Whether it’s an anniversary or birthday coupon, a simple “thank you” for being a repeat customer, or a recommendation that fits a buyer’s taste, customers prefer personalized over generic marketing. No matter the size of the emotional touch or gesture, they want to be treated like people and not just regular consumers.
Even in the B2B space, no one wants to read emails that have nothing to do with their interests. They want to collaborate with suppliers or businesses that understand their needs and align with their mission.
Question is: What’s the first step toward delivering the personalization people really want? Let’s dive in!
What is Database Marketing?
Database marketing is a marketing tactic that involves making marketing moves based on customer data. You collect, store, and analyze customer data to create targeted and personalized marketing campaigns.
In short, any marketing move you make without considering what customer data has to say does not fall under database marketing.
Customer data can be internal or external. As long as you structure and use it responsibly to elevate marketing ROI, then it fits within the scope of database marketing. For instance, customer purchase history, CRM entries, and behavioral data. Here’s how database marketing looks in a nutshell.
How database marketing works
- Data collection: Collect customer data from your website, customer support, or email interactions report. You can also obtain data from second-or-third party providers like advertising data, intent data or social media interests.
It’s okay to define a specific objective before collecting data or determine objectives after obtaining data. The latter approach is mostly employed by established companies that collect and store massive customer data for later use.
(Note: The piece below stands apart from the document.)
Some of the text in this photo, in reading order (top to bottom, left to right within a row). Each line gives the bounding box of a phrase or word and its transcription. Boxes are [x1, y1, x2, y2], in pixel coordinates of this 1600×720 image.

- Database management: Clean and organize the data before storing it into a relational database, CRM, or pre-defined marketing database. Handle the data securely to prevent unauthorized access, theft, or leaks.
- Segmentation: Analyze the collected data, aiming to divide the customer data into smaller groups based on shared behaviors, needs, or traits. This is what we call segmentation.
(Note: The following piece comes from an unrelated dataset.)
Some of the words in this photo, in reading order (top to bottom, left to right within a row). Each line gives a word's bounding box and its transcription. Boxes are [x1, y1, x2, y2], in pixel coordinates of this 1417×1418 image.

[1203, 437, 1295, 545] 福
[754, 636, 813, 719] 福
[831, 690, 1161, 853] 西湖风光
Common segmentation criteria include psychographics (values, interests, lifestyle), demographics (gender,age), behavioral, and geographic. Grouping customers into these categories helps with tailoring experiences, offers, or messages to relevant audiences rather than targeting everyone.
- Targeted or insight-led campaigns: Use the insights after analytics to create personalized messages or offers for specific segments. Then, track the impact of the select messages or offers to refine future marketing actions.
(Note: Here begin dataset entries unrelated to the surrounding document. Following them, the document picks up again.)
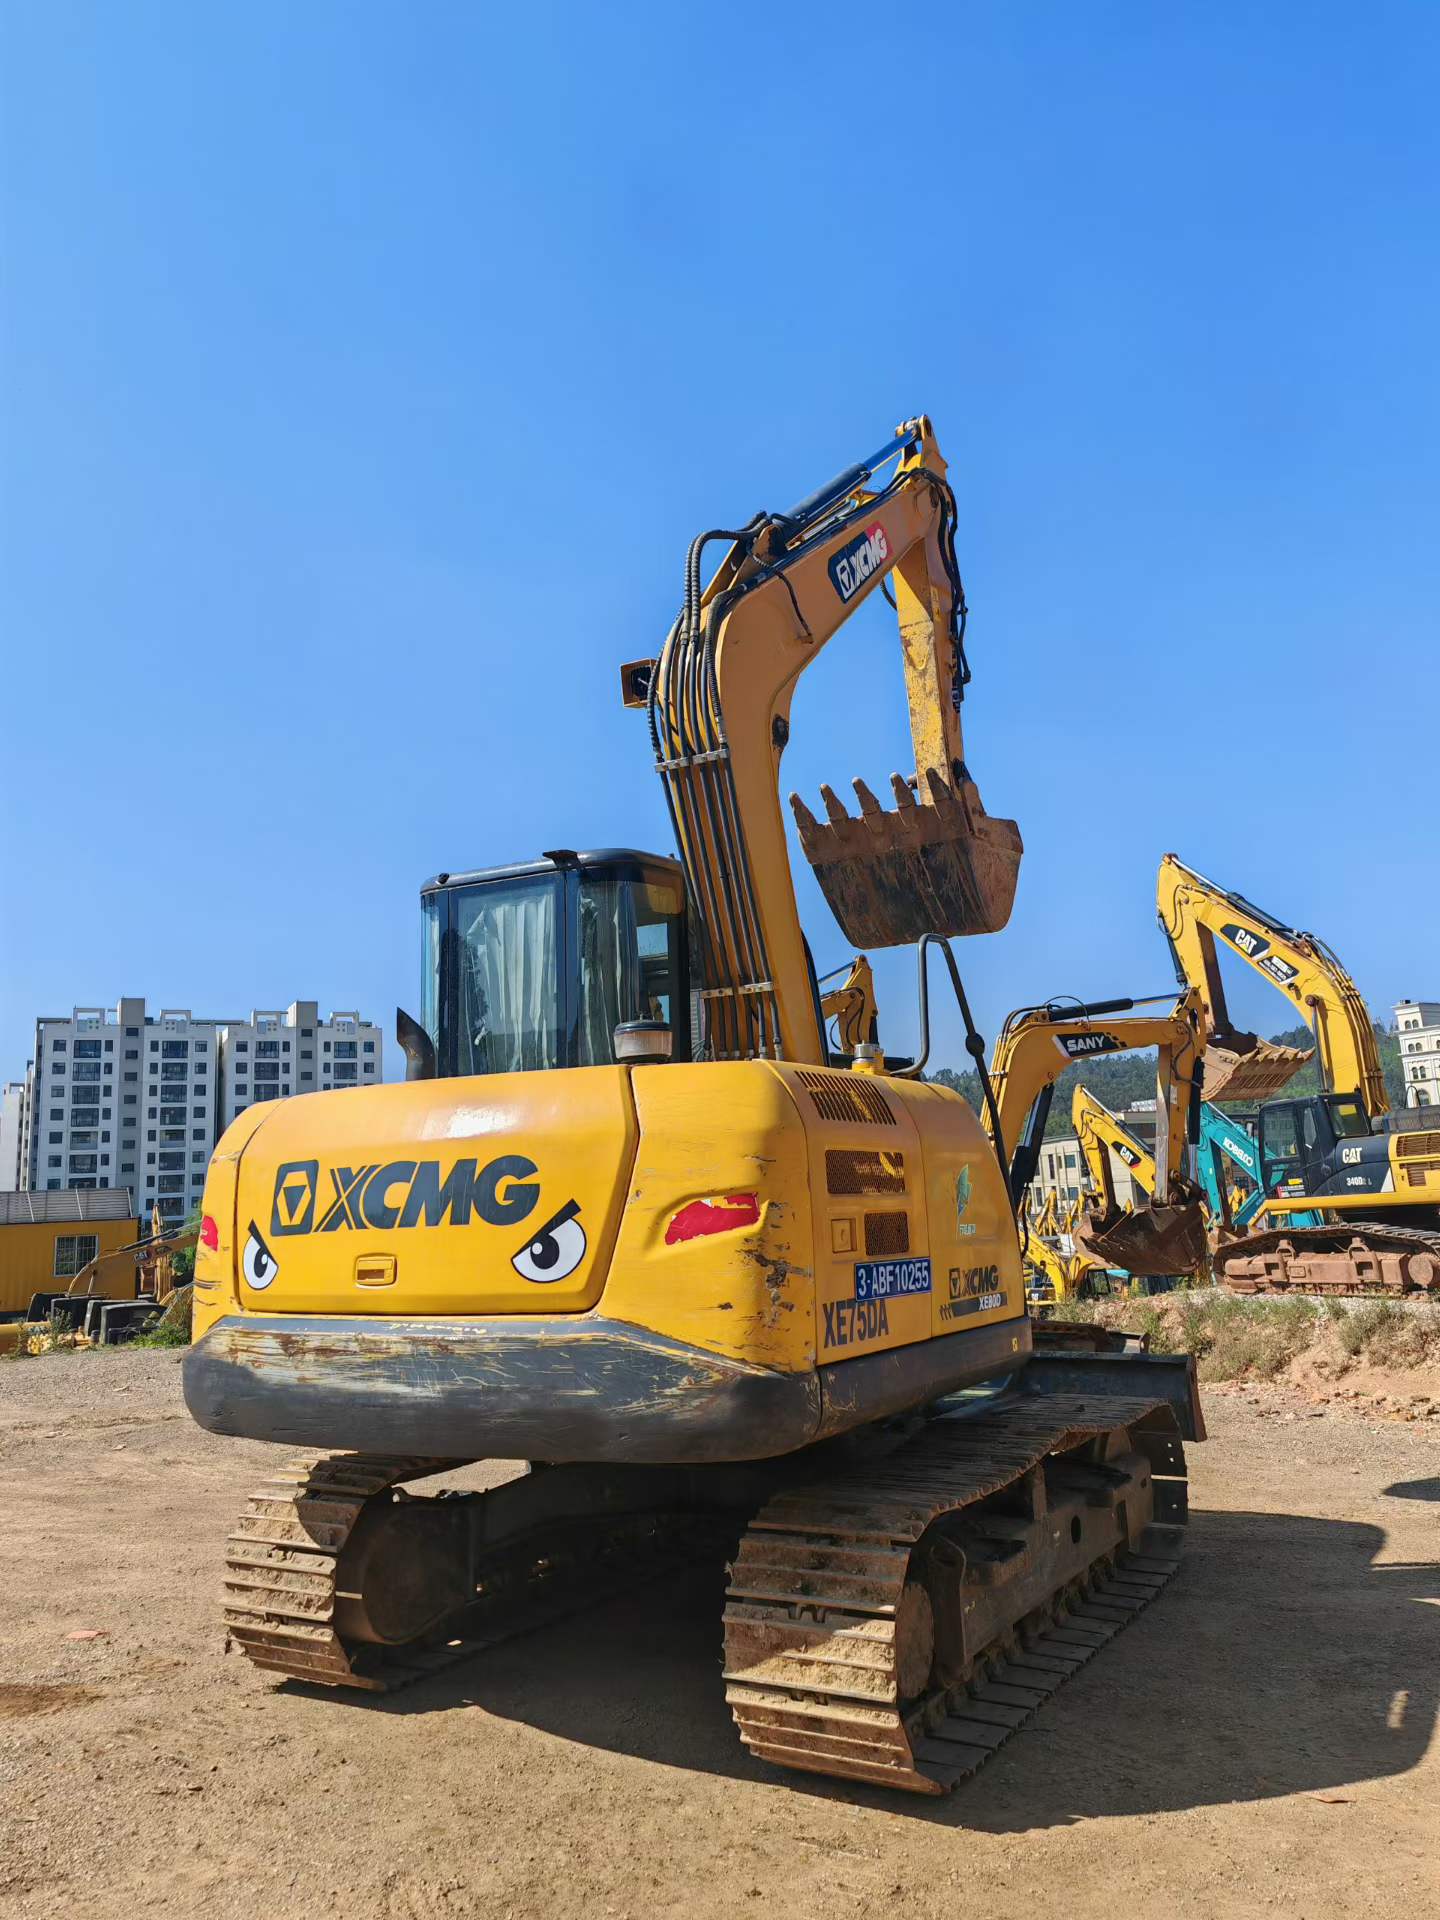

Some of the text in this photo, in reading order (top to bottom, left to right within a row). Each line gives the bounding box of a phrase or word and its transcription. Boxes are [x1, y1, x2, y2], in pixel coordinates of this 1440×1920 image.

[849, 528, 888, 589] XCMG
[1235, 929, 1258, 954] CAT
[1067, 1036, 1104, 1051] SANY
[1120, 1147, 1134, 1163] CAT
[1223, 1137, 1253, 1167] KOBELCO
[1342, 1147, 1362, 1164] CAT
[313, 1154, 541, 1232] XCMG
[858, 1261, 930, 1298] 3-ABF10255
[961, 1265, 998, 1296] XCMG
[822, 1298, 889, 1349] XE75DA
Here are the key benefits of using customer data to guide your marketing decisions and actions.
5 Key Benefits of Database Marketing
1. Create an adaptive user experience
Besides analyzing customer data to personalize their experience, you can design your systems to automatically adjust based on each user’s preferences, past interactions, and behavior.
Thanks to generative and predictive AI models, you can set up AI agents that track and collect customer data. Once they have the data, they analyze it to automatically change homepage banners, customize the navigation menu, send personalized emails, and more. This fosters long-term connections as the customers feel understood and valued.
2. Boost customer loyalty
A personalized experience not only makes people feel seen and understood, but it also makes a customer’s life easier. Instead of filtering through generic content and offers, they get updates and deals that align with their preferences. This increases the chances of them coming back.
Every time they come back and realize the personalization is consistent or it is getting better, a connection develops. The more relevant, helpful, and understanding your systems get, the bigger the emotional attachment grows. This eventually yields loyalty.
3. Spot more upselling and cross-selling opportunities
Analyzing customer data reveals insights into what they want and need, allowing you to anticipate what they may want to buy next.
Data including browsing history, past purchases, product filters, and purchase frequency can be analyzed to reveal certain interest patterns. For example, if someone frequently buys protein powder and also browses through specific gym equipment, that may be a chance to cross-sell them vitamins or workout gear.
If someone buys a basic version or standard subscription, it is a chance for you to track their habits. Why? You want to be there when they show signs of wanting an upgrade. That would be your cue to upsell them a premium version or subscription.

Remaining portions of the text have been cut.